4. Characteristic function

def featureTool(df,params):
    dataCols,targetCols = df.columns,params.keys()
    exeColumns = list(params.keys())[0]
    exeDefFunction = params[exeColumns]
    print(exeColumns+"-->"+exeDefFunction+"(df,{exeColumns})".format(exeColumns=exeColumns))
    exeOrder = "feat={exeDef}(df,'{exeCols}','{outputCol}')".format(exeCols=exeColumns, exeDef=exeDefFunction, outputCol=\ 	                  exeDefFunction+'_'+exeColumns)
    print("exeOrder : "+exeOrder)
    exec(exeOrder)
    return feat

4.1 TFIDF

The weight calculation method is often used in the vector space model together with cosine similarity to judge the similarity between two documents. At present, TF IDF model is widely used in practical applications such as search engines. The main idea of TF IDF model is that if the word w appears frequently in one document D and rarely in other documents, it is considered that the word w has good discrimination ability and is suitable to distinguish article d from other articles.

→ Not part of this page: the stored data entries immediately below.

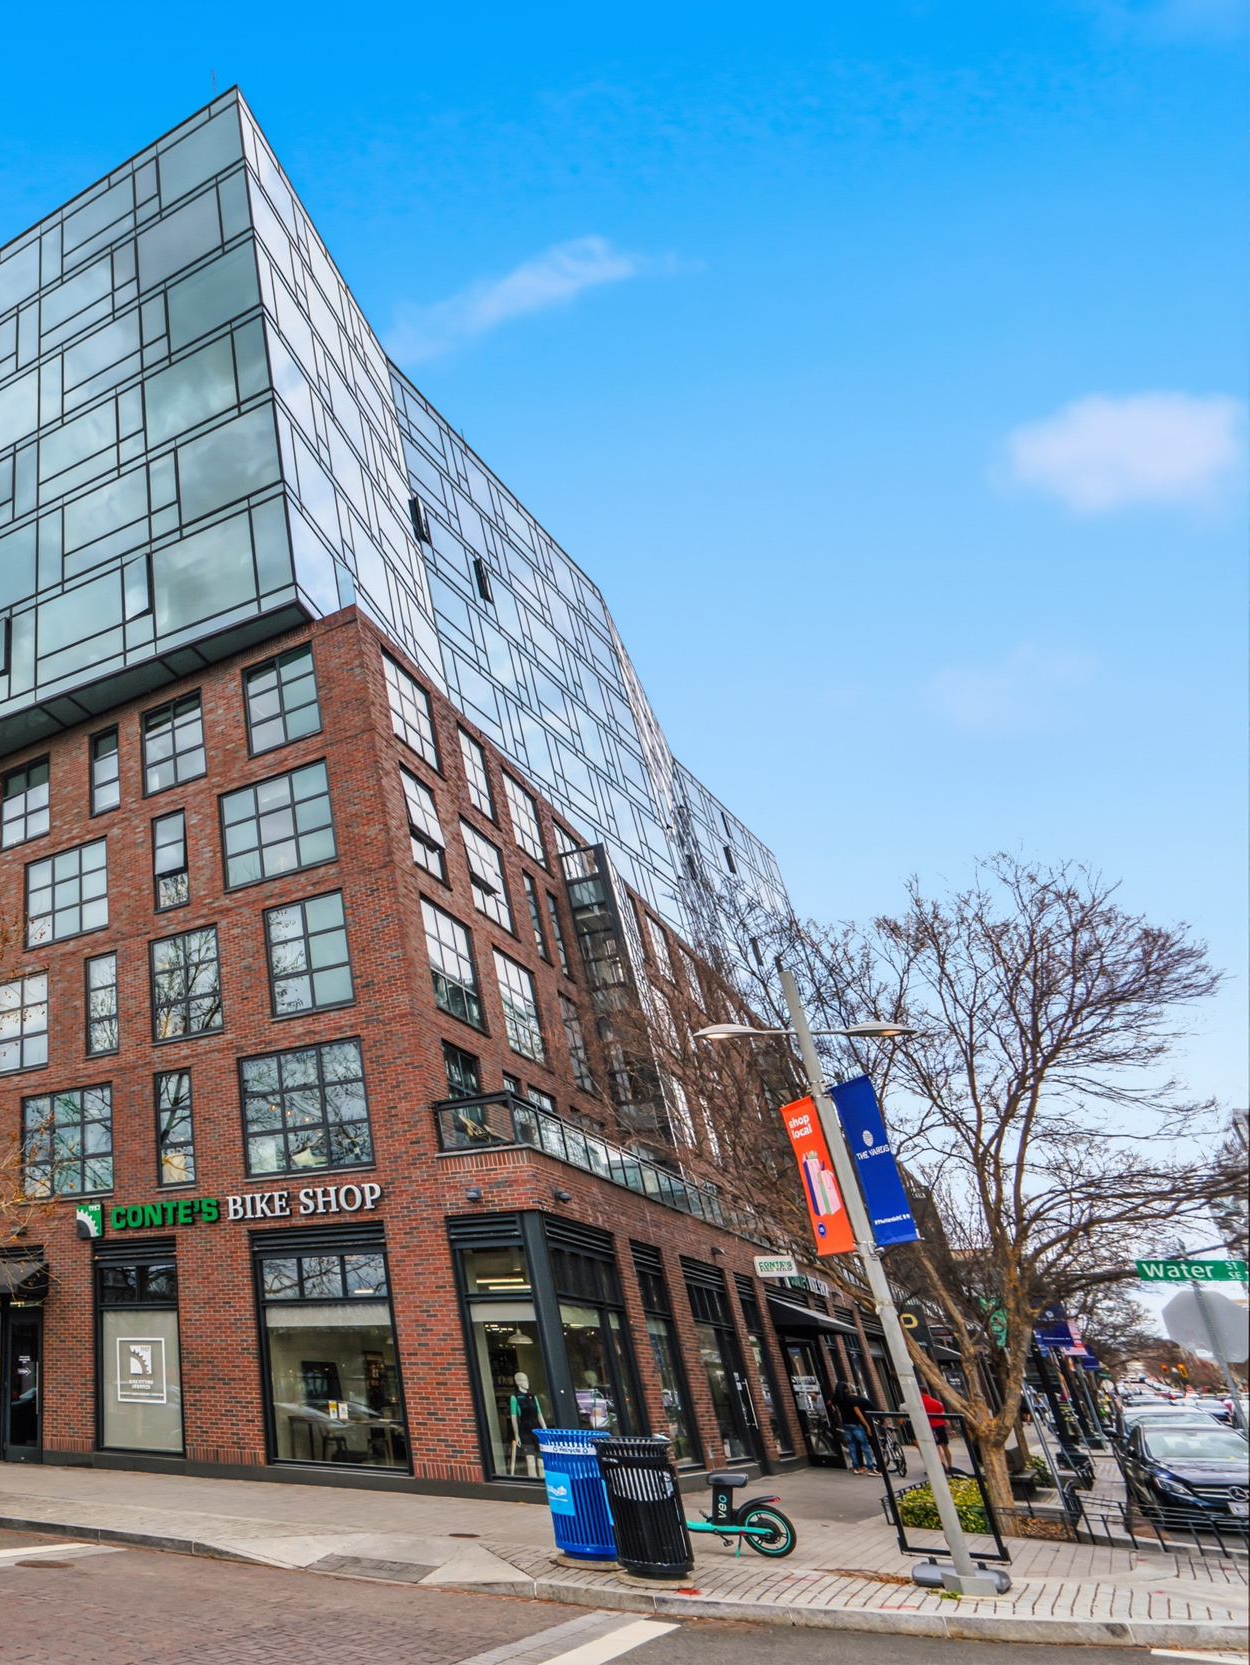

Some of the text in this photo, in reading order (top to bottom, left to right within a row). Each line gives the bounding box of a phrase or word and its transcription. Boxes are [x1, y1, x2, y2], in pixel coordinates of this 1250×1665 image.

[788, 1114, 810, 1129] shop
[791, 1123, 813, 1139] local
[856, 1151, 869, 1160] THE
[111, 1182, 382, 1229] CONTE'S BIKE SHOP
[1142, 1261, 1239, 1278] Water ST
[1227, 1271, 1244, 1280] SE
[718, 1494, 727, 1518] veo

def TFIDF(df,inputCol="sentence",outputCol="tfidf", numFeatures=20):
    """
    word frequency－Reverse file frequency( TF-IDF)It is a feature vectorization method widely used in text mining. It can reflect the importance of words in a document in the corpus.
    # Conclusion: the more a word appears in an article and the less it appears in all documents, the more it can represent the article
    """
    from pyspark.ml.feature import HashingTF, IDF, Tokenizer
    tokenizerX = Tokenizer(inputCol=inputCol, outputCol="words")
    wordsDataX = tokenizerX.transform(df)
    hashingTFX = HashingTF(inputCol="words", outputCol="rawFeatures", numFeatures=numFeatures)
    featurizedData = hashingTFX.transform(wordsDataX)
    idfX = IDF(inputCol="rawFeatures", outputCol=outputCol)
    idfModel = idfX.fit(featurizedData)
    tfidfRes = idfModel.transform(featurizedData).drop('words','rawFeatures')
    return tfidfRes

The output results of the above codes are as follows:

TFIDF Output
+-----+------------------------------------+---------------------------------------------------------------------------+
|id   |sentence                            |tfidf                                                                      |
+-----+------------------------------------+---------------------------------------------------------------------------+
|zhu  |Hi I heard about pySpark            |(20,[0,9,17],[0.693147189,0.5753641037,1.3862943611198906])                |
|xiang|I wish python could use case classes|(20,[2,9,13,15],[0.69314853,1.150720234,0.2851785,0.2876072175])           |
|yu   |Logistic regression models are neat |(20,[4,6,13,15,18],[0.69314,0.6931474,0.2876820785,0.28785,0.69349453])    |
+-----+------------------------------------+---------------------------------------------------------------------------+

4.2 Word2Vec

word2vec model is actually a simplified neural network, which can vectorize text data. Word vector has good semantic characteristics and is a common way to express word features. The value of each dimension of word vector represents a feature with certain semantic and grammatical interpretation. Therefore, each dimension of the word vector can be called a word feature. Word vectors have many forms, and distributed representation is one of them. A distributed representation is a dense, low dimensional real valued vector. Each dimension of distributed representation represents a potential feature of the word, which captures useful syntactic and semantic features. It can be seen that the word distributed in distributed representation embodies the feature of word vector: the different syntactic and semantic features of words are distributed to each dimension.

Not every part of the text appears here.